Assigned task: Since the pictures are not wanted, reproduce only the rest of the records, exactly as given.

Material provided:
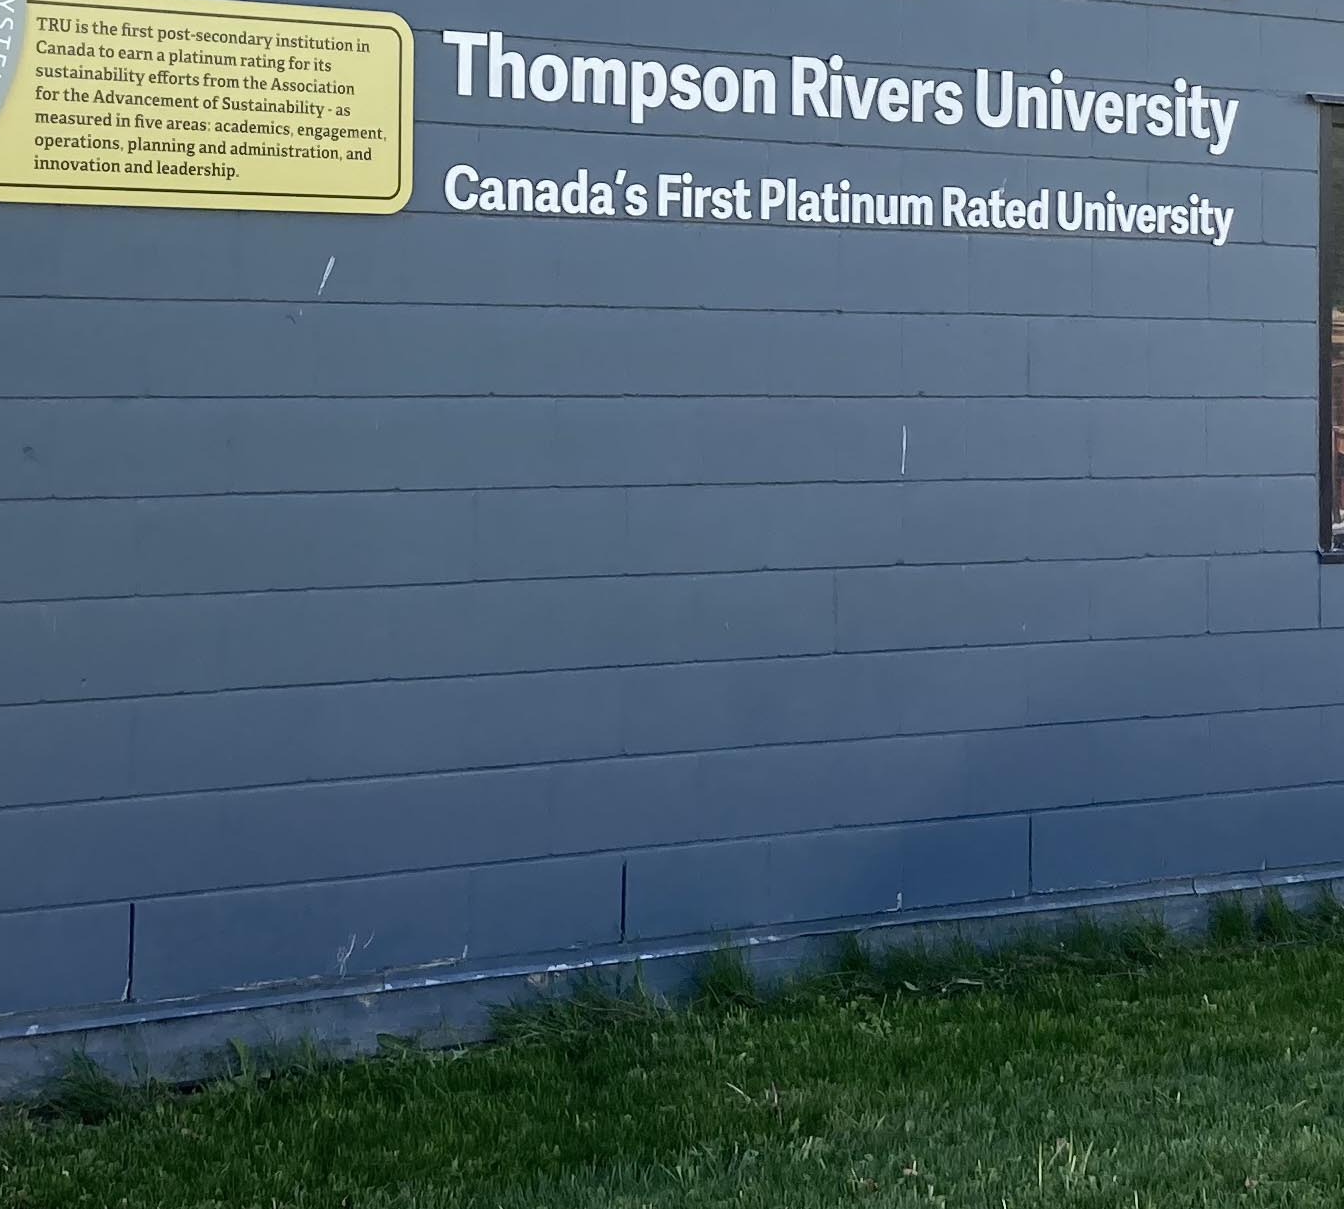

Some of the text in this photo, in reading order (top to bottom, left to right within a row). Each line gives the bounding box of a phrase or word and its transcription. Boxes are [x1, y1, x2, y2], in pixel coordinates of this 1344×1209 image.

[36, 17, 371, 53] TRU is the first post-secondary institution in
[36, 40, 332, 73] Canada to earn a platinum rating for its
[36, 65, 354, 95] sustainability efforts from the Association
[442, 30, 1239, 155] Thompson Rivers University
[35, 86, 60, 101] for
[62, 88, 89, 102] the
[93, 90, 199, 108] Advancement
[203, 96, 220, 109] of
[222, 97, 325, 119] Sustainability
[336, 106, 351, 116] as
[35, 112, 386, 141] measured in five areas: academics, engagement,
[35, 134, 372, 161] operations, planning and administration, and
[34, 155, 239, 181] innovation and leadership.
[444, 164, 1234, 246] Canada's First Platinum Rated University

Solution to this exercise:
Some of the text in this photo, in reading order (top to bottom, left to right within a row). Each line gives the bounding box of a phrase or word and its transcription. Boxes are [x1, y1, x2, y2], in pixel coordinates of this 1344×1209 image.

[36, 17, 371, 53] TRU is the first post-secondary institution in
[36, 40, 332, 73] Canada to earn a platinum rating for its
[36, 65, 354, 95] sustainability efforts from the Association
[442, 30, 1239, 155] Thompson Rivers University
[35, 86, 60, 101] for
[62, 88, 89, 102] the
[93, 90, 199, 108] Advancement
[203, 96, 220, 109] of
[222, 97, 325, 119] Sustainability
[336, 106, 351, 116] as
[35, 112, 386, 141] measured in five areas: academics, engagement,
[35, 134, 372, 161] operations, planning and administration, and
[34, 155, 239, 181] innovation and leadership.
[444, 164, 1234, 246] Canada's First Platinum Rated University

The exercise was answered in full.